RAYMUNDO MAGLIANO FILHO A FORÇA DAS IDEIAS

Raymundo Magliano Filho, considerado um dos maiores batalhadores pelo desenvolvimento e fortalecimento do mercado de capitais no Brasil, acaba de lançar o livro: “A Força das Idéias para um Capitalismo Sustentável”, onde conta sua trajetória a frente da Bolsa de Valores de São Paulo - que, com base em conceitos filosóficos e iniciativas que alcançaram toda a sociedade, liderou uma revolução histórica entre 2001 e 2008, que democratizou o acesso aos investimentos e estabeleceu alicerces mais sólidos para o mercado de capitais no Brasil.

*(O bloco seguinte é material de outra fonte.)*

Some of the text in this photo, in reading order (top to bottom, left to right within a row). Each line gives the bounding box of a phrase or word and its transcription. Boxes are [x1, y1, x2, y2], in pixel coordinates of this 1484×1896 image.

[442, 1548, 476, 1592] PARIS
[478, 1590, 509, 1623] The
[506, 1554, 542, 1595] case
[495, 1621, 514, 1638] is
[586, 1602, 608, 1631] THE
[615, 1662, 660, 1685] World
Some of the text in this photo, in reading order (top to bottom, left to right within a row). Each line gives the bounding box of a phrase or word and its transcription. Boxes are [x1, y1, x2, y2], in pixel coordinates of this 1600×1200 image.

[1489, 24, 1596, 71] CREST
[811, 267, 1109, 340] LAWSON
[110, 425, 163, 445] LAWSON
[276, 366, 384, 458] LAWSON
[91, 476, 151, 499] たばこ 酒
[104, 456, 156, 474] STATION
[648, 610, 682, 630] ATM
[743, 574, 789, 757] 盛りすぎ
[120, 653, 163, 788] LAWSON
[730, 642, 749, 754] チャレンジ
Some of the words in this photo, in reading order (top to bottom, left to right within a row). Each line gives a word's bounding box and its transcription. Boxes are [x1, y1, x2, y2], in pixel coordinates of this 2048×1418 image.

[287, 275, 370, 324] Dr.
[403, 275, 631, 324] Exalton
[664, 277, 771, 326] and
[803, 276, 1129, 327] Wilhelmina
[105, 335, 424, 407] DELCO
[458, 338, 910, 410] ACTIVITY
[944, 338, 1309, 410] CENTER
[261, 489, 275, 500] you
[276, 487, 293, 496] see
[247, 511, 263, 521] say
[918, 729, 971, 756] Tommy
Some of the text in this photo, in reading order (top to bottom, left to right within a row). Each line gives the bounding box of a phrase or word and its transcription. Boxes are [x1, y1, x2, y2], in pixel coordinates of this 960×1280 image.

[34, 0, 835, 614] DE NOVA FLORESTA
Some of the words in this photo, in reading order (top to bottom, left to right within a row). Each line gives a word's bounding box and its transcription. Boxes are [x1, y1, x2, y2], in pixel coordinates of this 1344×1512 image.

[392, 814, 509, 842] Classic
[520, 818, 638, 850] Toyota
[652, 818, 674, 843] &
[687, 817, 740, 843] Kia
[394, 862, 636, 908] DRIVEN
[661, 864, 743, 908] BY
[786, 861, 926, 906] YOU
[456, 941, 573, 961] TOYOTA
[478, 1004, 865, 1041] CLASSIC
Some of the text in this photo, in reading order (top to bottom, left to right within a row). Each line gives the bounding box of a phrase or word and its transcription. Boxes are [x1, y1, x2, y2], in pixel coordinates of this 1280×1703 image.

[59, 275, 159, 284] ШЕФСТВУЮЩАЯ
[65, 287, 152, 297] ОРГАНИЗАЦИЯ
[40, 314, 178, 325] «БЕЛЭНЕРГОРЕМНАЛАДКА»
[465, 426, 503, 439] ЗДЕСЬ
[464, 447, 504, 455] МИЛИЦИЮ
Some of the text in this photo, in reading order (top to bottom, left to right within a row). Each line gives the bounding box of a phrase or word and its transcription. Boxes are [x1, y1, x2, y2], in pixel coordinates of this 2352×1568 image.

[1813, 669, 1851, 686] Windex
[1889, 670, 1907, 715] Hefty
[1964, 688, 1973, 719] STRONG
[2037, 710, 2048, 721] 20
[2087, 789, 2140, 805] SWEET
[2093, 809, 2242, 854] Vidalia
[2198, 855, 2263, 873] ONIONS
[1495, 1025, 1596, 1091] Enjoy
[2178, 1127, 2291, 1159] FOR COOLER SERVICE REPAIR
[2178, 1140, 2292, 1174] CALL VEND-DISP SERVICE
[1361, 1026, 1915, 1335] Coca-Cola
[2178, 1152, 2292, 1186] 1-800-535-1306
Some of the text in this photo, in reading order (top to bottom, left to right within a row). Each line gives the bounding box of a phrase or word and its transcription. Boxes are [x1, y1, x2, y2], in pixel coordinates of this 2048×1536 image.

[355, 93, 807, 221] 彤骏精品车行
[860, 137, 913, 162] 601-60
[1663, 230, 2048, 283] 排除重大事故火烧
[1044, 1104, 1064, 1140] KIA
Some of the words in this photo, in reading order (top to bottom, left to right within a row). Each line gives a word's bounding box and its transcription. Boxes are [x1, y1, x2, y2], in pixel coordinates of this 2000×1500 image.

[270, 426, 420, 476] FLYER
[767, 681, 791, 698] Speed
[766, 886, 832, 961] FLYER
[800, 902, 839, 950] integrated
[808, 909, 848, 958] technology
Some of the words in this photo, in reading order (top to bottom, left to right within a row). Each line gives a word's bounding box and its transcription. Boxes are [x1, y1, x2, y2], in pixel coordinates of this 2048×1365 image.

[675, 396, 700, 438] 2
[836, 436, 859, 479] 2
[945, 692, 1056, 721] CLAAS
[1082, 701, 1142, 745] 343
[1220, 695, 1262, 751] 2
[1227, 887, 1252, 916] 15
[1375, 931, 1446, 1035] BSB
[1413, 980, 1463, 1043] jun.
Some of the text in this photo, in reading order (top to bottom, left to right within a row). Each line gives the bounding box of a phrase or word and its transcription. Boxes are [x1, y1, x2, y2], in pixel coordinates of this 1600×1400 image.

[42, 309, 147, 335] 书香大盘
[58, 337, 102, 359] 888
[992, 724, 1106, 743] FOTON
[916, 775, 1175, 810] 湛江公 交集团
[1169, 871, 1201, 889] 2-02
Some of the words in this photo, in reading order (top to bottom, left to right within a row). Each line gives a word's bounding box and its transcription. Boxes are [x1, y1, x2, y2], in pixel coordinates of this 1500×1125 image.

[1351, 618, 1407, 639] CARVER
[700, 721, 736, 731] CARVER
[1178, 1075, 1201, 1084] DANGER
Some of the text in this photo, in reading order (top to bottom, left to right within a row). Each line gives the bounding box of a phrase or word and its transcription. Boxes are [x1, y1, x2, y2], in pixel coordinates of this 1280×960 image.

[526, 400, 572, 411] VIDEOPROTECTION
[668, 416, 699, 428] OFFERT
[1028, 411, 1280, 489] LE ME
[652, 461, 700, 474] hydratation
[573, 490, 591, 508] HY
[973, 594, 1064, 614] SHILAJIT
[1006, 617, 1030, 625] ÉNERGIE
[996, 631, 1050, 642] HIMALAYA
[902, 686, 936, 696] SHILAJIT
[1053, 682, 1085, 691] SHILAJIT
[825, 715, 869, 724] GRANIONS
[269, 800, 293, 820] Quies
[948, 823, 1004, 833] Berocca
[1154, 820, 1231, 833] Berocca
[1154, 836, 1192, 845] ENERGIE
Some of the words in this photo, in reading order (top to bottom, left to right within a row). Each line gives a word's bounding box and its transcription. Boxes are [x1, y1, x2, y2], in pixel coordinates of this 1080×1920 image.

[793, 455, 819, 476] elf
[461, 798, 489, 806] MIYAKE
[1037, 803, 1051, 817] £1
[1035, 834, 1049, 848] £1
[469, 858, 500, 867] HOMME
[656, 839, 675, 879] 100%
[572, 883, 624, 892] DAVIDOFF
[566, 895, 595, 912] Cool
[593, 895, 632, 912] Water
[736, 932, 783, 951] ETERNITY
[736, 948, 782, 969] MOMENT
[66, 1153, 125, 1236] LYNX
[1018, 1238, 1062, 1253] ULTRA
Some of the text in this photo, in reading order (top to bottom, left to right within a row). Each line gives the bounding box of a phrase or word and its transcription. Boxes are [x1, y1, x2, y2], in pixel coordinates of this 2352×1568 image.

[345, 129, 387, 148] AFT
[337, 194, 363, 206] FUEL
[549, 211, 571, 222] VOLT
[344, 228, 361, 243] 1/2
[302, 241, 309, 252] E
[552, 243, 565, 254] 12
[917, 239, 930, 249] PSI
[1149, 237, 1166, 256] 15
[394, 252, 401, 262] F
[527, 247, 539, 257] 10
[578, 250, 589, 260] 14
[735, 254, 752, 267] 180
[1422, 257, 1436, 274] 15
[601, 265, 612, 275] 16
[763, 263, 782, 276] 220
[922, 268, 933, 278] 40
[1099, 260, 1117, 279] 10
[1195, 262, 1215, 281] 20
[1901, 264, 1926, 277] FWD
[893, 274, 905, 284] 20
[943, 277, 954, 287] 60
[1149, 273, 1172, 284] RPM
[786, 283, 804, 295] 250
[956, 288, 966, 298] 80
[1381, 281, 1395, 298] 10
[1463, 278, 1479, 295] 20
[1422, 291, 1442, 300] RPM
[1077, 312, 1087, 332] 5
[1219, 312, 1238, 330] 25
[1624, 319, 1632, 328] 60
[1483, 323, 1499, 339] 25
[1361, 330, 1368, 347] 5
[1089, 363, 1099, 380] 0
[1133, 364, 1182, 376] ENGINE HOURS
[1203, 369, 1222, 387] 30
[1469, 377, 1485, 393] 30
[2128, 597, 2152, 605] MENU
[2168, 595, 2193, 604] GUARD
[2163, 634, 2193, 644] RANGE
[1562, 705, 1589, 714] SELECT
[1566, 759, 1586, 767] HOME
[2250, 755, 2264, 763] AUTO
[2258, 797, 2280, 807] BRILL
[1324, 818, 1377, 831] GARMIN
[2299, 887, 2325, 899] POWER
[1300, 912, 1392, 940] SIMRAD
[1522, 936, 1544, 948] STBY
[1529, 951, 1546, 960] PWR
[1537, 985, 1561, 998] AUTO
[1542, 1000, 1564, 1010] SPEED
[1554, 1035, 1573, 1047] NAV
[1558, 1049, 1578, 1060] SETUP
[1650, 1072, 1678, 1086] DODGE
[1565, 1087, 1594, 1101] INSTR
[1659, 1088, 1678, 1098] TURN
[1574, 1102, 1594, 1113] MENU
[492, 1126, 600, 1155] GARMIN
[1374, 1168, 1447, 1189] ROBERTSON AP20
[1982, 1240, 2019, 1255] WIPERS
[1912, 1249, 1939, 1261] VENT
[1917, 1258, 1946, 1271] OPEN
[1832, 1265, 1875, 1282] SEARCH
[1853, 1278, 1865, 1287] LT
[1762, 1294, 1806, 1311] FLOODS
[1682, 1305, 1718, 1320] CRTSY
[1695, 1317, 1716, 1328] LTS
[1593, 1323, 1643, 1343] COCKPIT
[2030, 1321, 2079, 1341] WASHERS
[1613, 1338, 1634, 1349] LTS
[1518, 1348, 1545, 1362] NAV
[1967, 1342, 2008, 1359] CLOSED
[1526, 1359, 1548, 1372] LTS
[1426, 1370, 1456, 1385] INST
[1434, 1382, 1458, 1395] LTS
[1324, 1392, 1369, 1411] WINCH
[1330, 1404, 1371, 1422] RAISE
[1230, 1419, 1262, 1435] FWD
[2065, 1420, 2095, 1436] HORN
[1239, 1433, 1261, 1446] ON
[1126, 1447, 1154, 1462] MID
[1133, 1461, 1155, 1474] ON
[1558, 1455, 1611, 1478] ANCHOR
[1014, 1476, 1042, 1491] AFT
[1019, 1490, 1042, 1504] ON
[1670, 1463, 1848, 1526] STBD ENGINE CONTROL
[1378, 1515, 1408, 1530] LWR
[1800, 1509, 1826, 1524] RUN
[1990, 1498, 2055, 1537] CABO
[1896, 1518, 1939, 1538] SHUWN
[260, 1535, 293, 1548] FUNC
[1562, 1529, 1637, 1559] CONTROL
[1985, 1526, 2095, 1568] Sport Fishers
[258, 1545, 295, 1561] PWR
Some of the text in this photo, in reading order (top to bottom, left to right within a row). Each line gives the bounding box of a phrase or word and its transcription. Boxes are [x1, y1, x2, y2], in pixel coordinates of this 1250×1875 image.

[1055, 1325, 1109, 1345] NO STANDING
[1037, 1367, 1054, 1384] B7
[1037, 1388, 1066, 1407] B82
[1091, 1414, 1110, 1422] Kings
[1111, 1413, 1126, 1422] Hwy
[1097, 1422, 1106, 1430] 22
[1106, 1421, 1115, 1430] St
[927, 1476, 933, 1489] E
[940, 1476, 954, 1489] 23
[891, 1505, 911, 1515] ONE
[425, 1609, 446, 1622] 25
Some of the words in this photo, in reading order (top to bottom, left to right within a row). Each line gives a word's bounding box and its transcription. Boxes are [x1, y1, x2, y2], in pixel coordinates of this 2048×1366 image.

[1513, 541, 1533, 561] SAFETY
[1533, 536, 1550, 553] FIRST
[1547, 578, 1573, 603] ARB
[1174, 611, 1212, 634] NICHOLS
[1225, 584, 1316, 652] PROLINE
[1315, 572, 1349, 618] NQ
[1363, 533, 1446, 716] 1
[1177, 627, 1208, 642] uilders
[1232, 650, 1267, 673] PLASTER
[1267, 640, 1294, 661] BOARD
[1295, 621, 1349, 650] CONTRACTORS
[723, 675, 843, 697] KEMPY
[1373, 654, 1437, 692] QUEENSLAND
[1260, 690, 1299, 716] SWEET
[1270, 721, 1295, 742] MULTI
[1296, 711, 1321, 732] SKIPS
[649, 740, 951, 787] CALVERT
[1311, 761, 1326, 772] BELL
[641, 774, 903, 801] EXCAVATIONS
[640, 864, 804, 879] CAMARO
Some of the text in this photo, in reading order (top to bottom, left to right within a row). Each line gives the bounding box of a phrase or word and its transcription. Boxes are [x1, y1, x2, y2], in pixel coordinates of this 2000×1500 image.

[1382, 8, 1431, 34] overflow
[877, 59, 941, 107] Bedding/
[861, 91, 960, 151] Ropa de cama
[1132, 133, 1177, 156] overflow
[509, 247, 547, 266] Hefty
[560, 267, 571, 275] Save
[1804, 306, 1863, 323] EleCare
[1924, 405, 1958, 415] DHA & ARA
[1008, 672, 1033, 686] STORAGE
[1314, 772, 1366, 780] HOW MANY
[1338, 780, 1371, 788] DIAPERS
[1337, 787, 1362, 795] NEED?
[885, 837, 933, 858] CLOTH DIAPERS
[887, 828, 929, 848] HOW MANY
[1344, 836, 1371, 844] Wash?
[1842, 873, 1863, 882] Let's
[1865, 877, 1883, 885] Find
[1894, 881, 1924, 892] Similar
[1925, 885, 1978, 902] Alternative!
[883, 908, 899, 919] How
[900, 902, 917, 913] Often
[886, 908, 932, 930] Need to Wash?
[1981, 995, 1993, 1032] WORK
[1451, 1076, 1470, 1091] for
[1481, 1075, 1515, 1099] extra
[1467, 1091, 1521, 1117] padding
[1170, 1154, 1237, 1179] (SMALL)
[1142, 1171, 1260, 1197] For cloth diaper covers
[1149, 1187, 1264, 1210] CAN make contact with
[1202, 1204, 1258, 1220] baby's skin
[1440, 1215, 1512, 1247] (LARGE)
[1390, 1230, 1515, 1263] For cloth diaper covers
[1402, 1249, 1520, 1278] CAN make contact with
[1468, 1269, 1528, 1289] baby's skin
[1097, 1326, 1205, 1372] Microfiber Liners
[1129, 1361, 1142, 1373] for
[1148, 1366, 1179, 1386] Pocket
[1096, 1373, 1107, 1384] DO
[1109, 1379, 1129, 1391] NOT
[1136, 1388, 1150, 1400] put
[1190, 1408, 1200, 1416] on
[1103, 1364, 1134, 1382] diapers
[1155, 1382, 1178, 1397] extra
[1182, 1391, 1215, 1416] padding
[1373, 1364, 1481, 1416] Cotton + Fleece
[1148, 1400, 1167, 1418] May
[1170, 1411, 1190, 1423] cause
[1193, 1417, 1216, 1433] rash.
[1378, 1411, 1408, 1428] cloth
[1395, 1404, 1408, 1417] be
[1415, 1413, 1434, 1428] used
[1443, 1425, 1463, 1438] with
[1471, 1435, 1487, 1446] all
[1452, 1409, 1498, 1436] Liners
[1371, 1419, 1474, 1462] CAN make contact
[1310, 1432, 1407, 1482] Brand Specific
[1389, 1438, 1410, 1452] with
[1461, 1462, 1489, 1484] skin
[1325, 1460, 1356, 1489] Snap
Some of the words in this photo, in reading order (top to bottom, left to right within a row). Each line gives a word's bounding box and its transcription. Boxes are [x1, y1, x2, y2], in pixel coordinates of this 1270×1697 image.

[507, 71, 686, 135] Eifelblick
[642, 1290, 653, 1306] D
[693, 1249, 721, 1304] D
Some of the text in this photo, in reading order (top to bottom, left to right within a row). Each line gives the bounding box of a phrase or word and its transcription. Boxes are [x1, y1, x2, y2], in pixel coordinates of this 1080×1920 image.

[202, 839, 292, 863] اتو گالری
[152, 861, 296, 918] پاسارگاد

Magliano Filho, 72 anos, administrador de empresas graduado pela Fundação Getulio Vargas, conheceu o mercado de capitais muito cedo, trabalhando na corretora do seu pai, a Magliano S/A Corretora de Câmbio e Valores Mobiliários - a primeira inscrita na Bolsa de Valores de São Paulo. Também, desde cedo, aprofundou seu conhecimento sobre temas humanísticos relacionados à Filosofia, Antropologia e Ciência Política, disciplinas que estuda até hoje e que o ajudaram a fundamentar sua atuação na BM&FBovespa e na Bovespa Holding S.A entidades nas quais introduziu uma gestão baseada no conceito de bolsa popular, visando combater a cultura do elitismo que impedia o desenvolvimento do mercado de capitais no Brasil, tendo estado a frente da presidência da Bolsa de Valores de São Paulo por 7 mandatos consecutivos, de 2001 a 2008.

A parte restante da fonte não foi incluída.